#### [Entries shown]
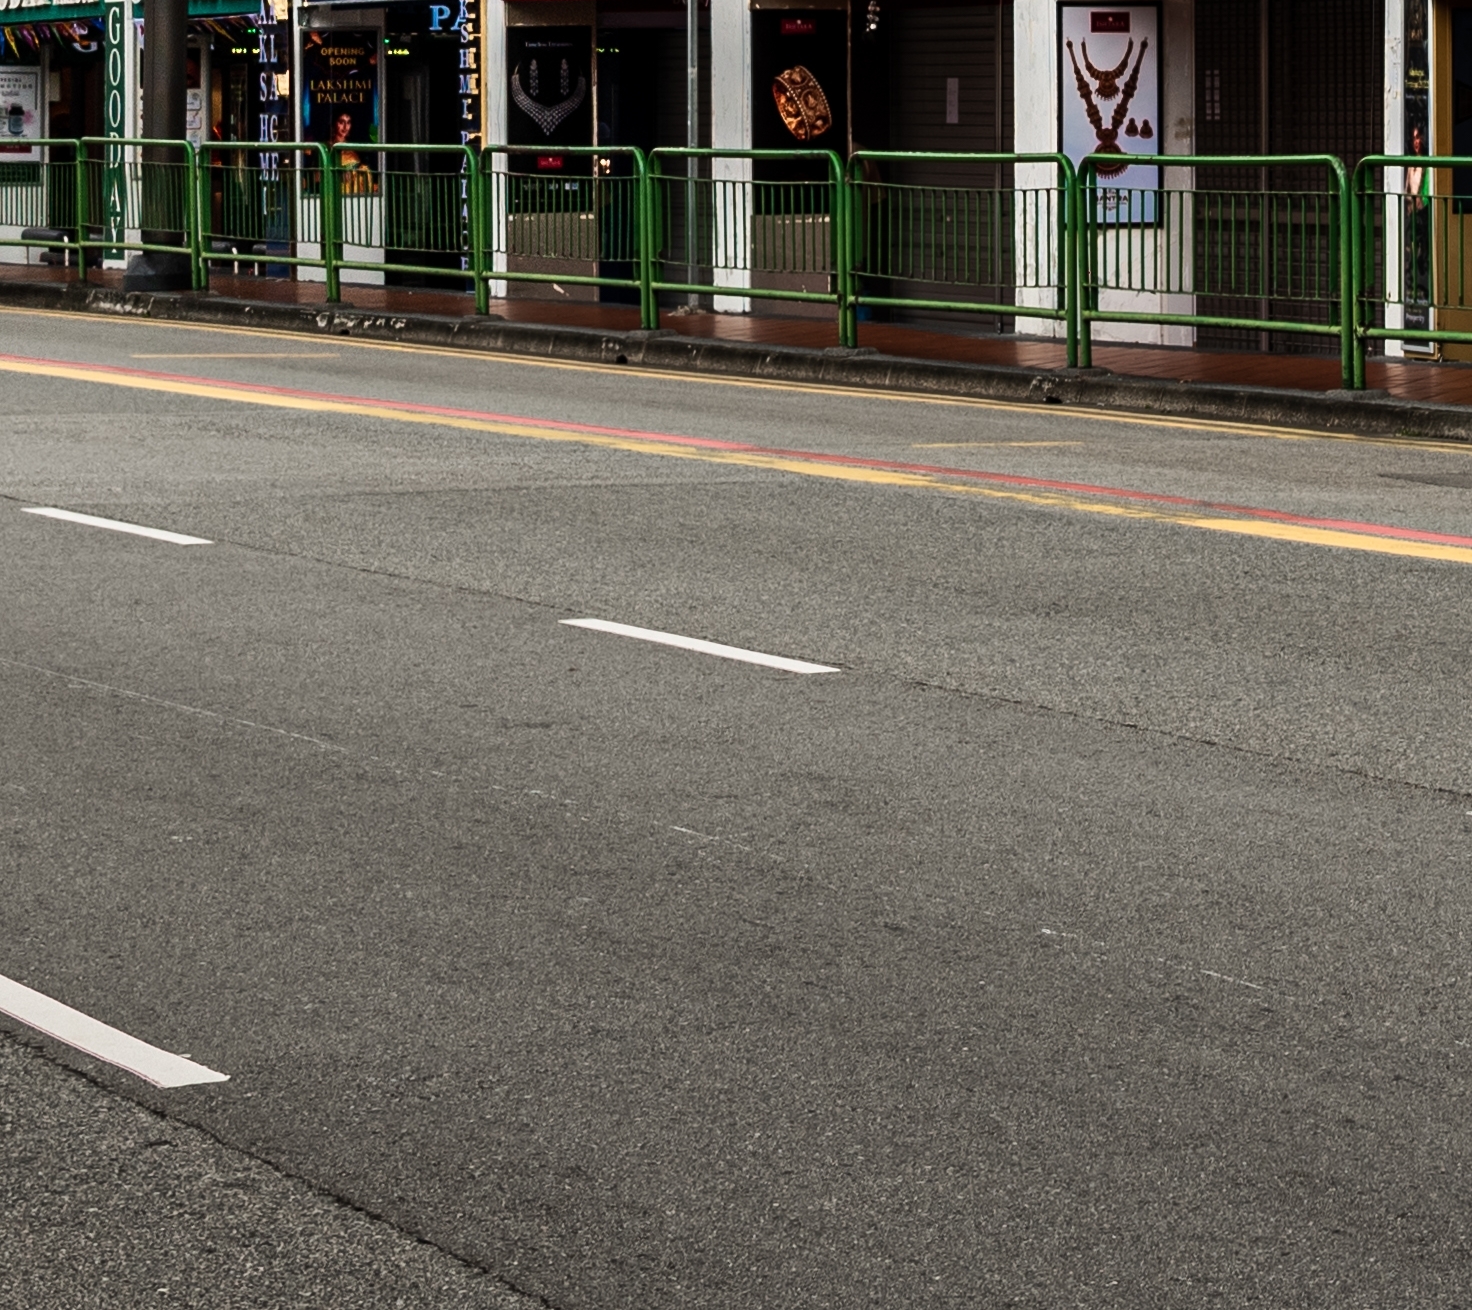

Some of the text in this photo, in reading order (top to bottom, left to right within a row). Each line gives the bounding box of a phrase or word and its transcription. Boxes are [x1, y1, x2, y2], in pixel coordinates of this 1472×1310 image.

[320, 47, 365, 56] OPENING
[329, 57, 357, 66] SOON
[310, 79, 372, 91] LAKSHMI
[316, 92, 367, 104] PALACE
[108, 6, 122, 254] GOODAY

#### [Exercise description]
The job here is to retype the data exactly, with no pictures included.

#### [Answer section]
Some of the text in this photo, in reading order (top to bottom, left to right within a row). Each line gives the bounding box of a phrase or word and its transcription. Boxes are [x1, y1, x2, y2], in pixel coordinates of this 1472×1310 image.

[320, 47, 365, 56] OPENING
[329, 57, 357, 66] SOON
[310, 79, 372, 91] LAKSHMI
[316, 92, 367, 104] PALACE
[108, 6, 122, 254] GOODAY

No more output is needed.